*** Raw data ***

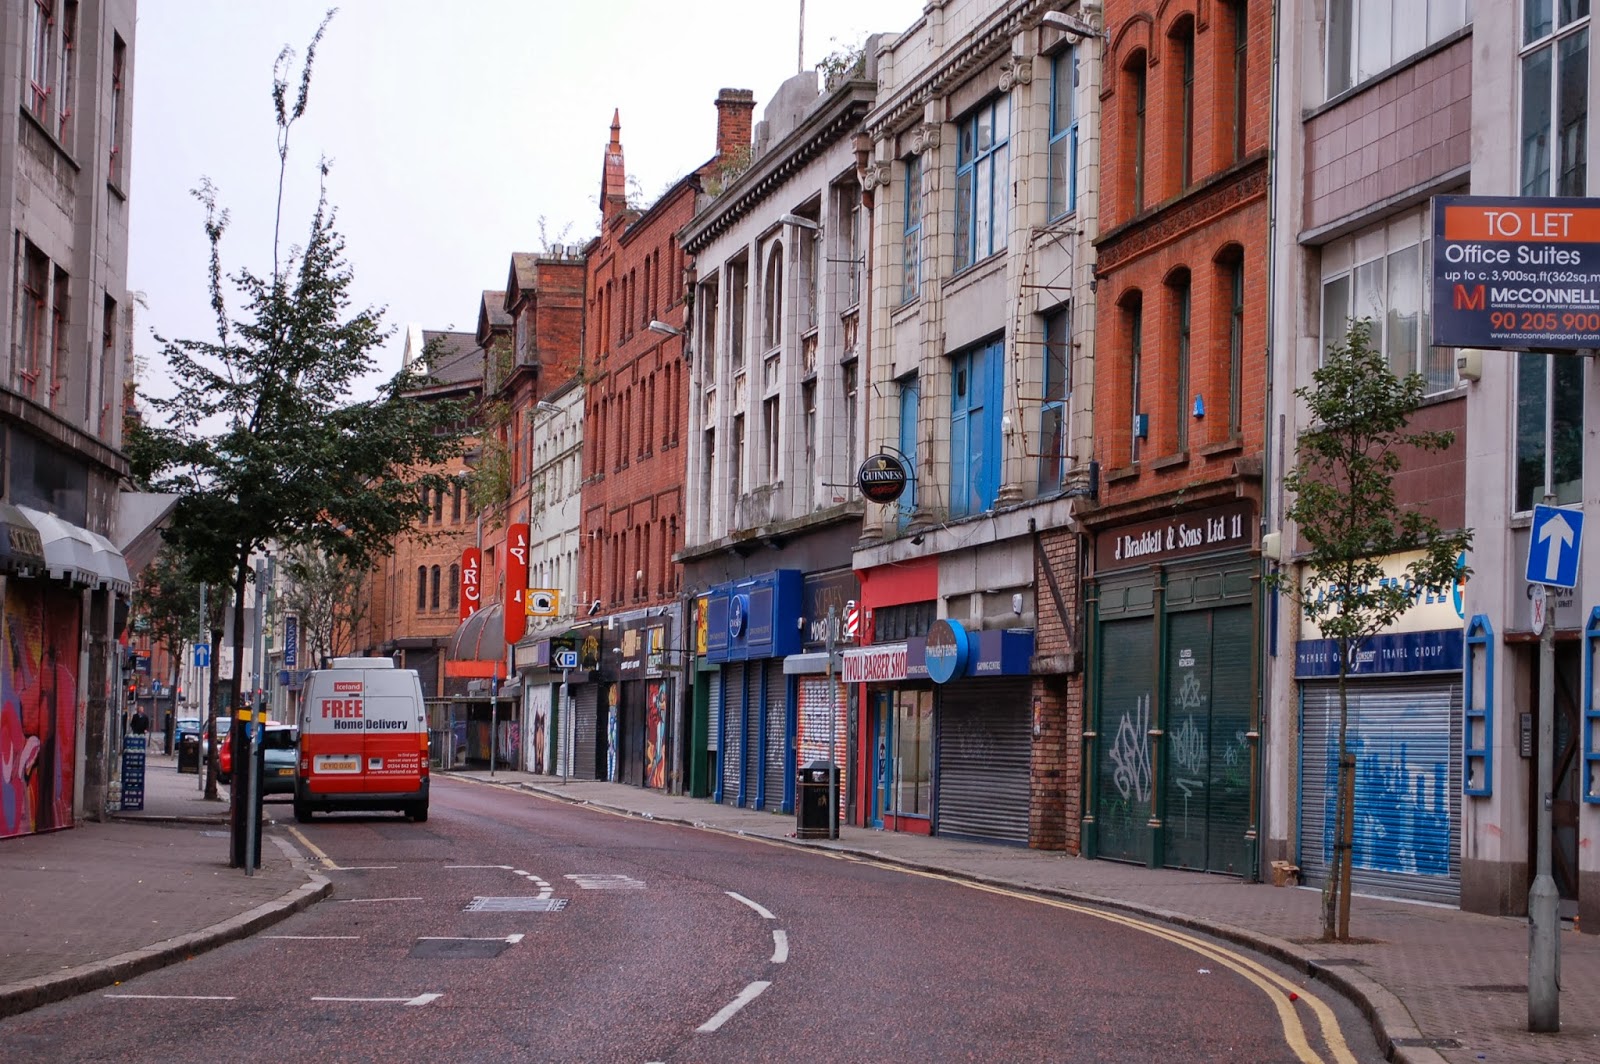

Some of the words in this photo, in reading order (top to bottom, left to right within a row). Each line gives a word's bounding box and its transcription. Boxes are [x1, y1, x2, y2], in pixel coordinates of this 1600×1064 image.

[1484, 211, 1522, 236] TO
[1531, 212, 1574, 237] LET
[1445, 244, 1510, 263] Office
[1517, 245, 1581, 265] Suites
[1445, 271, 1460, 282] up
[1464, 270, 1476, 280] to
[1479, 271, 1489, 280] c.
[1454, 284, 1486, 310] M
[1490, 311, 1516, 330] 90
[1521, 312, 1558, 331] 205
[1490, 332, 1600, 341] www.mcconnellproperty.com
[861, 470, 903, 481] GUINNESS
[1124, 529, 1162, 559] Braddell
[1166, 525, 1176, 550] &
[1179, 523, 1202, 548] Sons
[1207, 515, 1226, 543] Ltd.
[1232, 514, 1242, 539] 11
[566, 654, 575, 665] P
[1356, 650, 1377, 660] CONSORT
[1383, 648, 1408, 659] TRAVEL
[844, 655, 863, 681] TIVOLI
[864, 653, 890, 680] BARBER
[321, 699, 363, 718] FREE
[334, 719, 363, 730] Home
[366, 719, 408, 730] Delivery
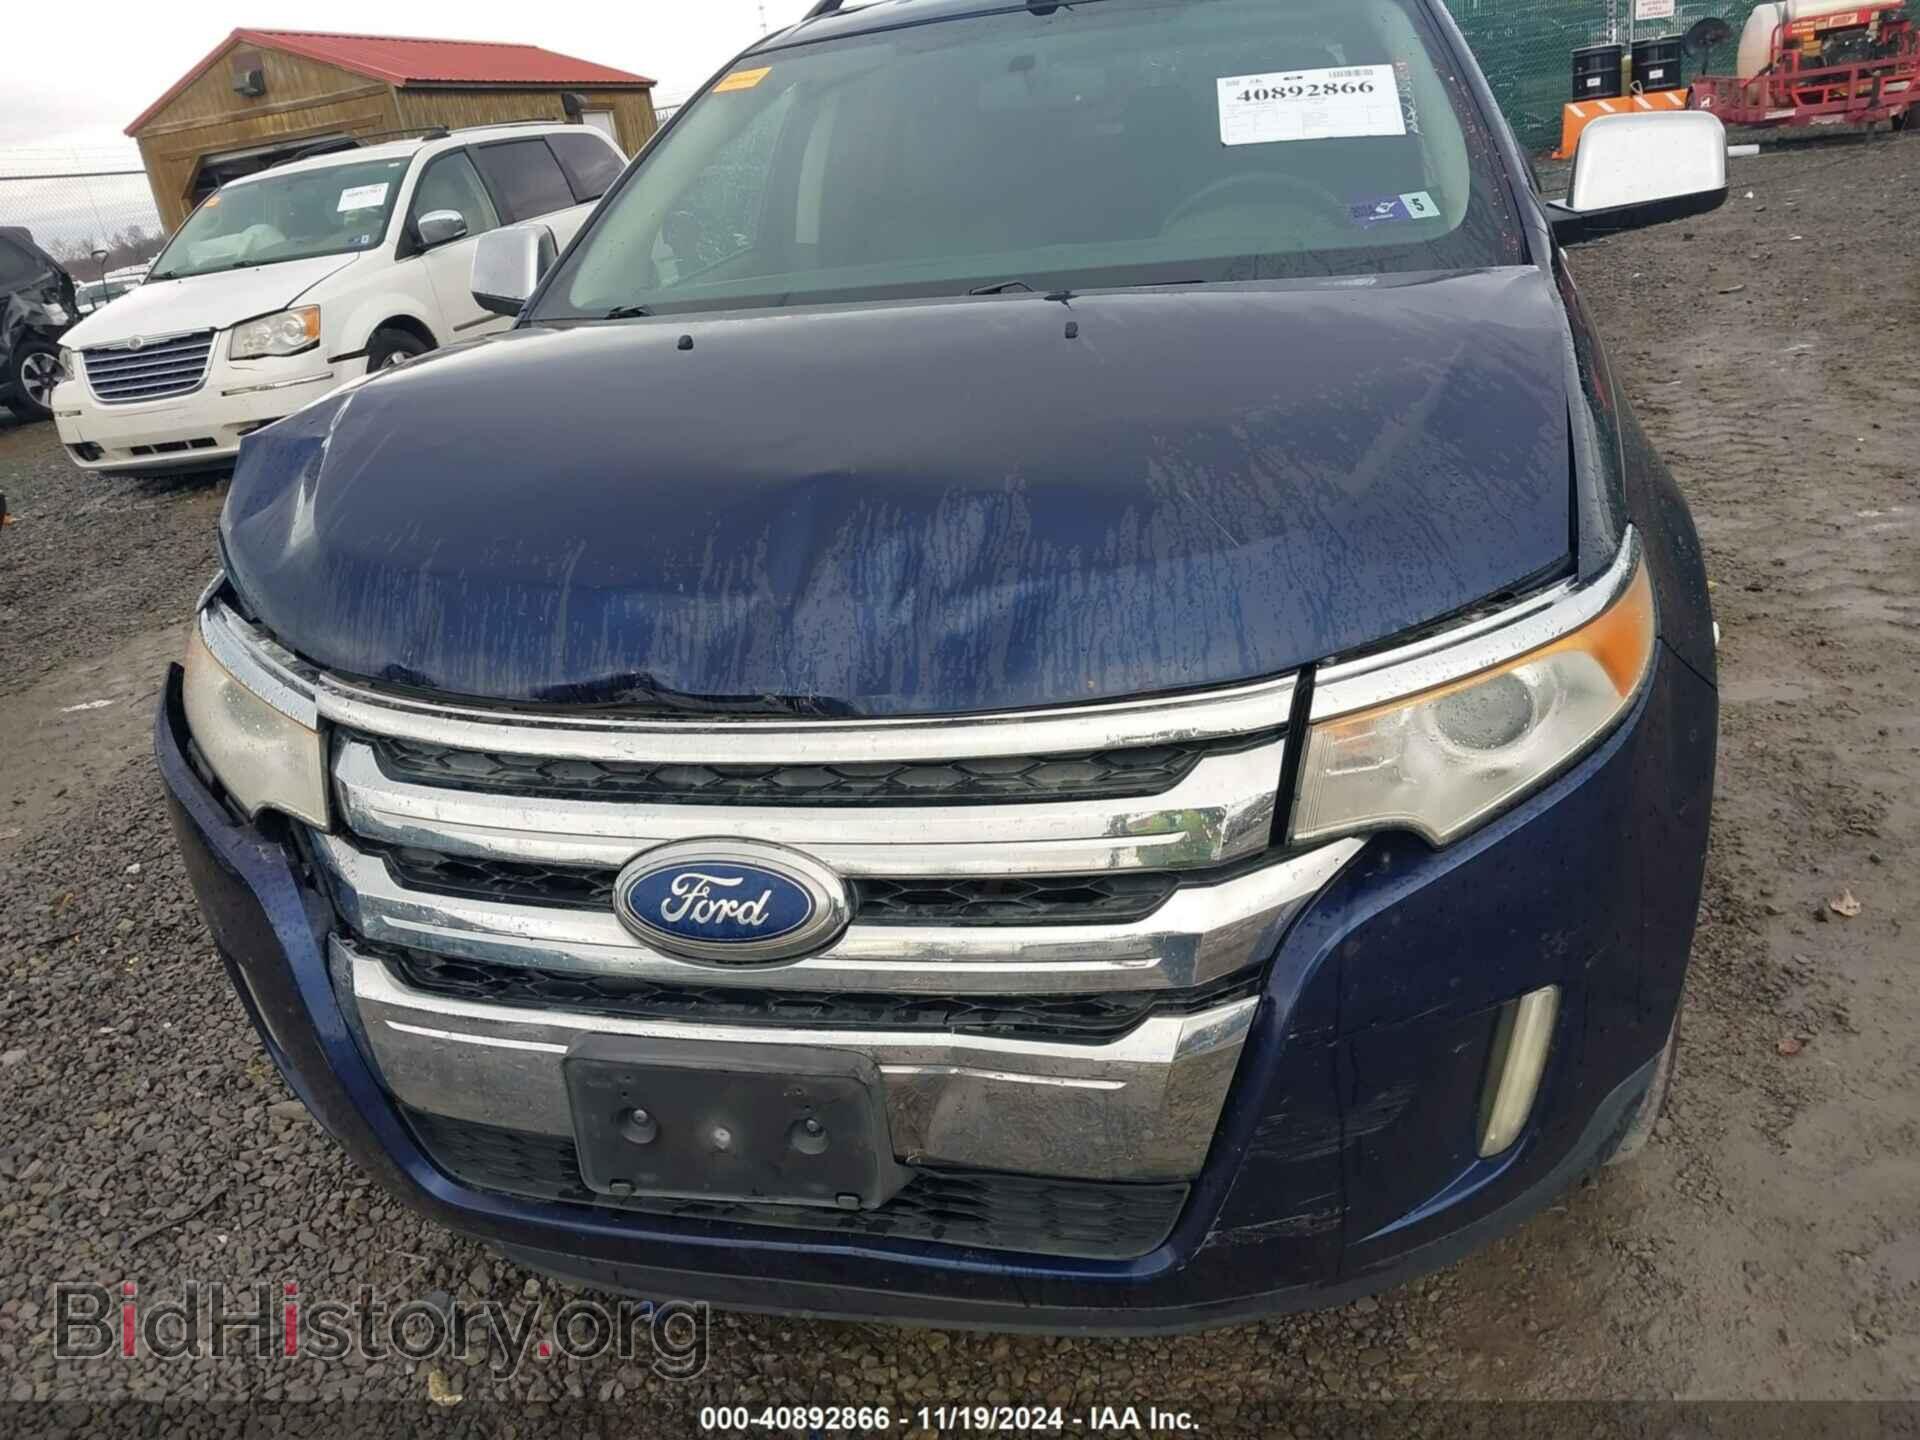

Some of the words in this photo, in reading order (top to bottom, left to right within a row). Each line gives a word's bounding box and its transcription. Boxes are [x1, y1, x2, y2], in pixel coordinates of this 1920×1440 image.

***

Give back all the material exactly, with no pictures.

Some of the words in this photo, in reading order (top to bottom, left to right within a row). Each line gives a word's bounding box and its transcription. Boxes are [x1, y1, x2, y2], in pixel coordinates of this 1600×1064 image.

[1484, 211, 1522, 236] TO
[1531, 212, 1574, 237] LET
[1445, 244, 1510, 263] Office
[1517, 245, 1581, 265] Suites
[1445, 271, 1460, 282] up
[1464, 270, 1476, 280] to
[1479, 271, 1489, 280] c.
[1454, 284, 1486, 310] M
[1490, 311, 1516, 330] 90
[1521, 312, 1558, 331] 205
[1490, 332, 1600, 341] www.mcconnellproperty.com
[861, 470, 903, 481] GUINNESS
[1124, 529, 1162, 559] Braddell
[1166, 525, 1176, 550] &
[1179, 523, 1202, 548] Sons
[1207, 515, 1226, 543] Ltd.
[1232, 514, 1242, 539] 11
[566, 654, 575, 665] P
[1356, 650, 1377, 660] CONSORT
[1383, 648, 1408, 659] TRAVEL
[844, 655, 863, 681] TIVOLI
[864, 653, 890, 680] BARBER
[321, 699, 363, 718] FREE
[334, 719, 363, 730] Home
[366, 719, 408, 730] Delivery

Some of the words in this photo, in reading order (top to bottom, left to right within a row). Each line gives a word's bounding box and its transcription. Boxes are [x1, y1, x2, y2], in pixel coordinates of this 1920×1440 image.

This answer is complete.